1994 Bangladesh Ansar Mutiny
| Date | 1-4 December 1994 |
| Location | Shafipur and Khilgaon, Bangladesh |
| Result | Defeat of the Ansar mutineers |

Belligerents
- Government of Bangladesh Bangladesh Rifles; Bangladesh Police; Bangladesh Air Force; ;: Mutineers from the Bangladesh Ansar

Strength
- Unknown: At least 42 mutineers

Casualties and losses
- Unknown: 1-2 mutineers dead, 12-40 mutineers injured

= 1994 Bangladesh Ansar mutiny =

Failed paramilitary mutiny

The Bangladesh Ansar mutiny was a mutiny staged from 1 December to 4 December 1994, in Shafipur and Khilgaon by a section of the Bangladesh Ansar, a paramilitary force tasked with providing security to government installations and aiding law enforcement in Bangladesh. The mutiny prompted a series of reforms by the government.

==Background==
The Ansar force was formed as the "East Pakistan Ansars" by the East Pakistan Ansars Act of 1948, and officially launched on 12 February 1948. From 1948 to 1972, it was under the National Service Board. In 1973, it was placed under the Ministry of Home Affairs and an Ansar cadre was formed in the Bangladesh Civil Service. Together with its sister organization Village Defence Party, it has millions of members including reserves.

==Events==
The Bangladesh Ansar mutinied in the Ansar Academy in Shafipur, and Khilgaon on 1 December 1994, demanding higher pay, job security and better treatment from officers.

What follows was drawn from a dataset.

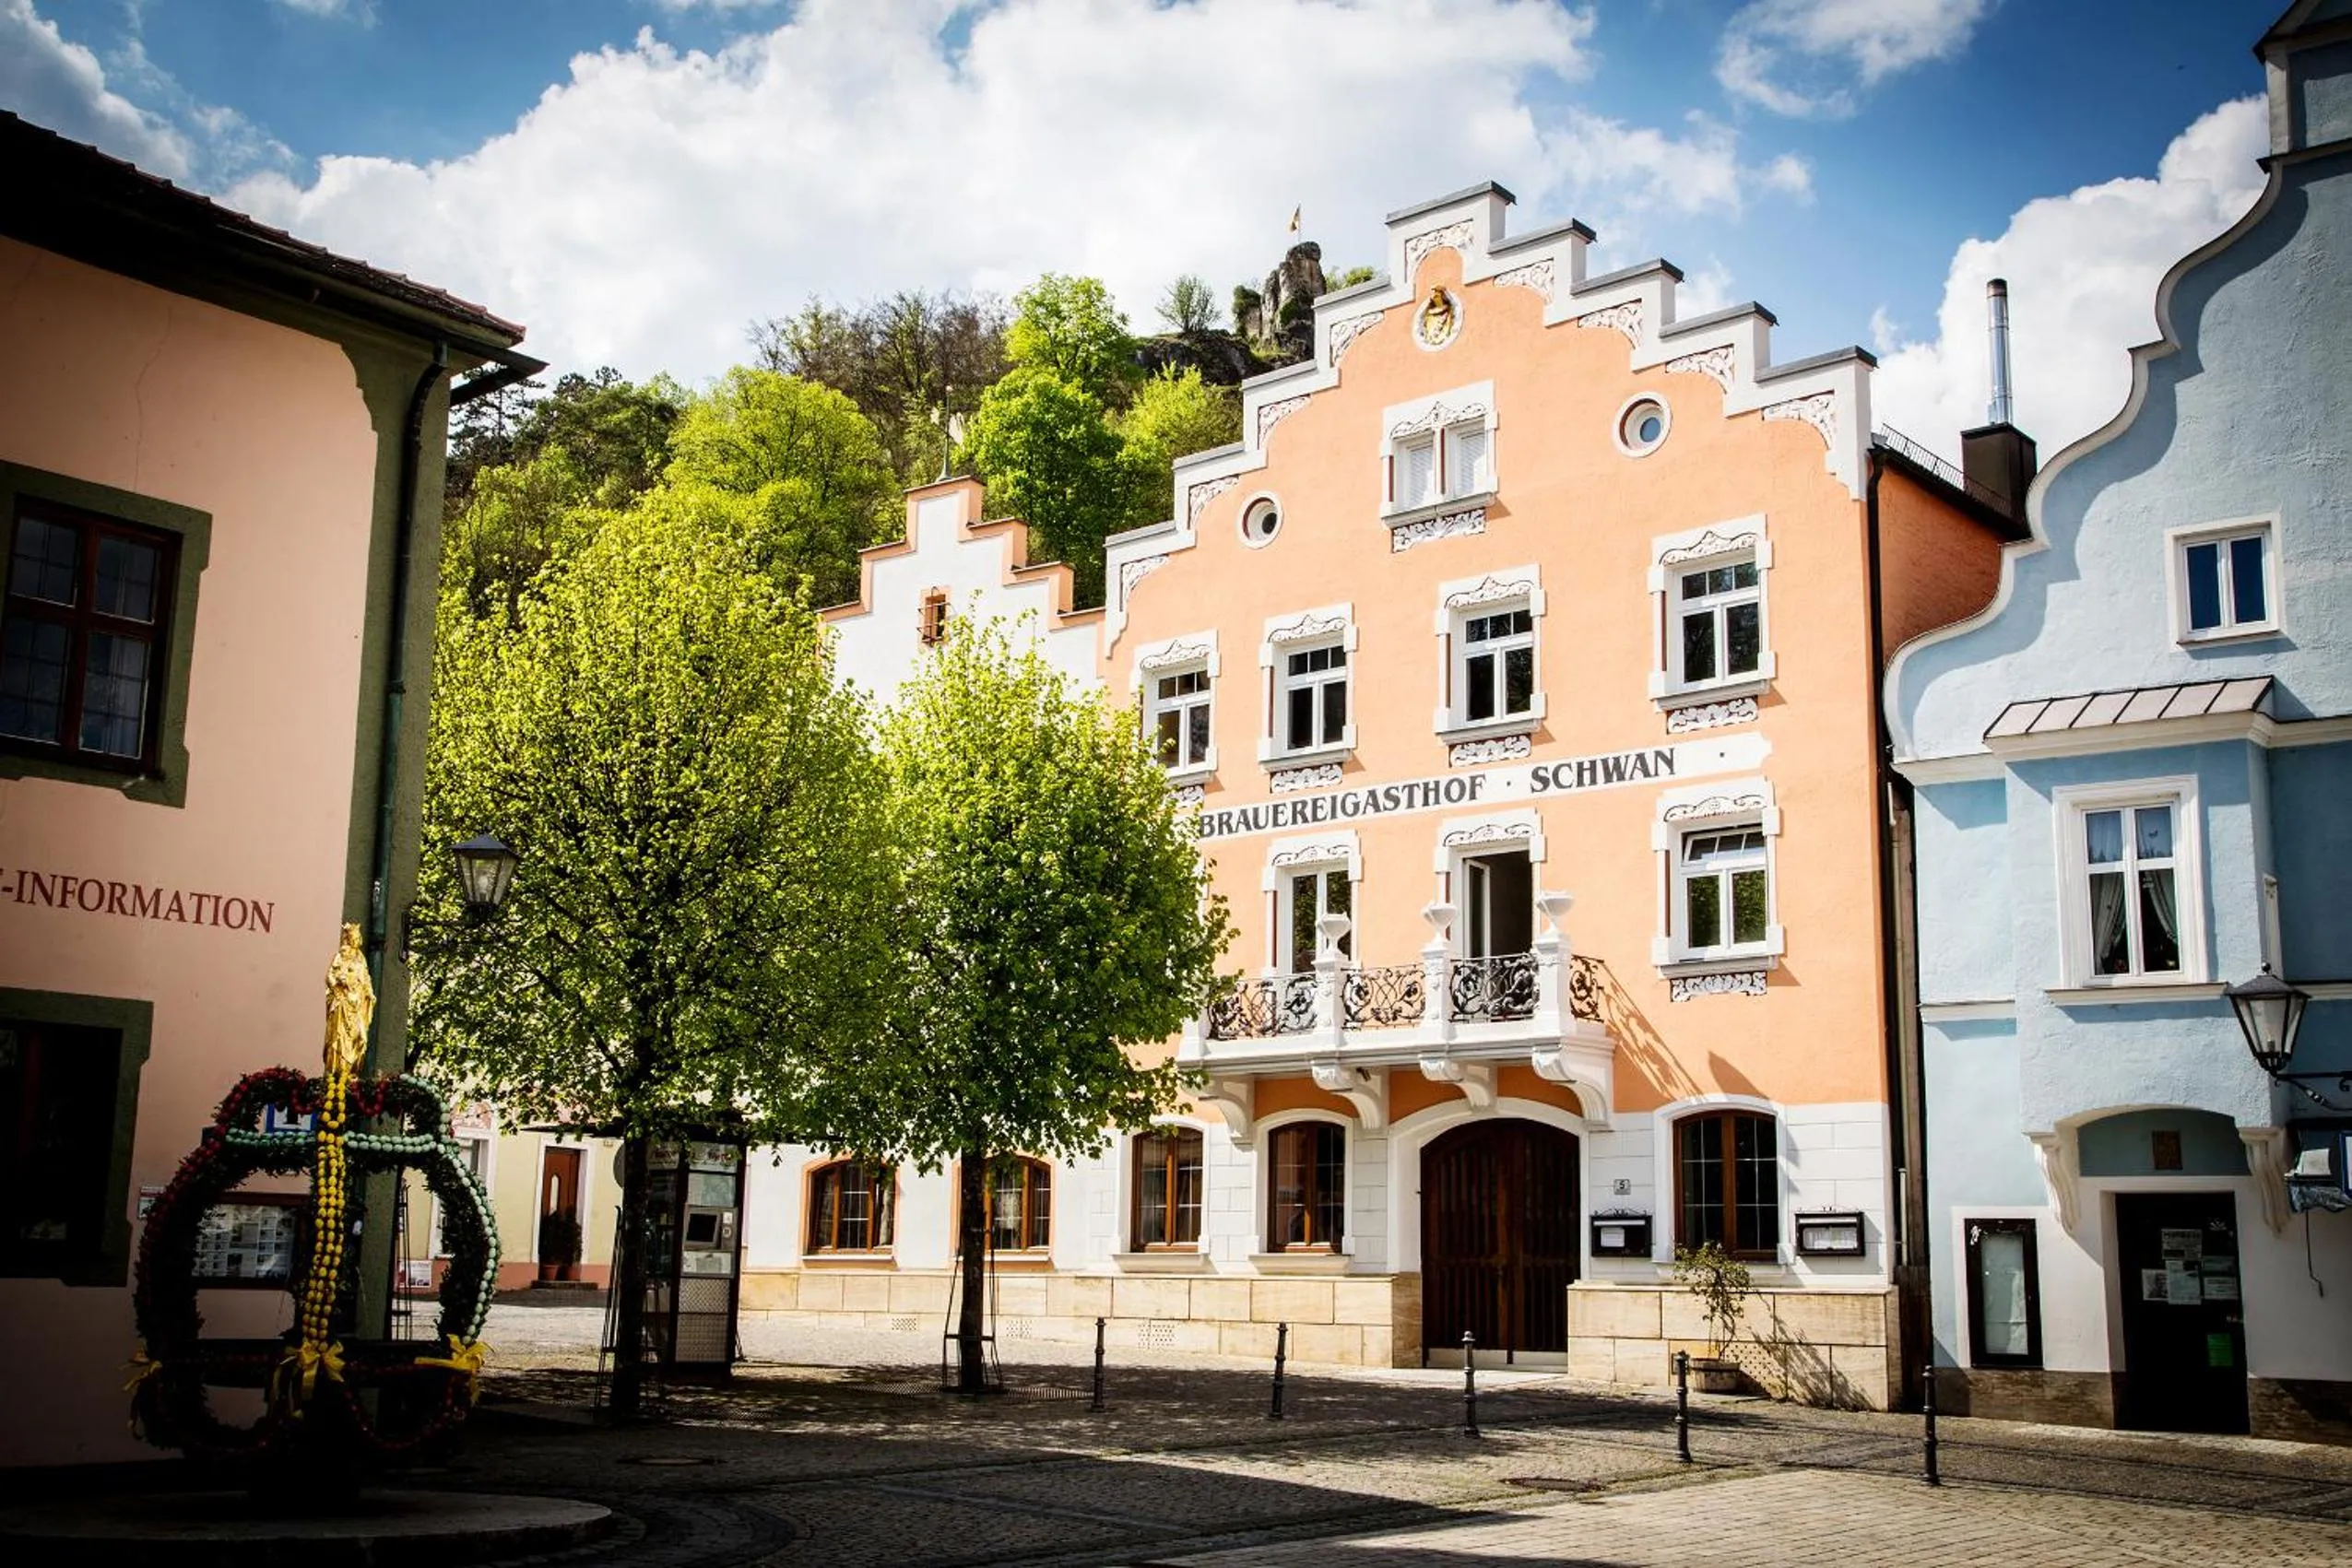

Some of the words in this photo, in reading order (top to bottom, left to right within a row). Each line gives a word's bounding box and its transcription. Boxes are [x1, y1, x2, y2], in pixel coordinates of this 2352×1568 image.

The mutiny was ended on 4 December 1994, when a military operation was launched by Bangladesh Rifles, supported by the Bangladesh Police and helicopters from Bangladesh Air Force. Official estimates place the death toll at 1 or 2 and 12-40 Ansar personnel were injured. Independent estimates place 30 mutineers among the casualty.

==Aftermath==
Journalist and social critic, Farhad Mazhar, called the mutiny inevitable because of the social discrimination faced by members of Bangladesh Ansar. He was jailed for his views on the mutiny.

=== Reform ===
In response to the agitations, the government passed a series of acts in the Jatiya Sangsad. These include Ansar Bahini Act (1995), Battalion Ansar Act (1995) and the Village Defence Party Act (1995). Under these acts, the Ansar Bahini and the Battalion Ansars were declared a "Disciplined Force" in accordance with article 152 of the Constitution. The government set up Ansar VDP Bank where the members of Ansar-VDP were decided to be the shareholders. The bank also provides soft loans to Ansar members.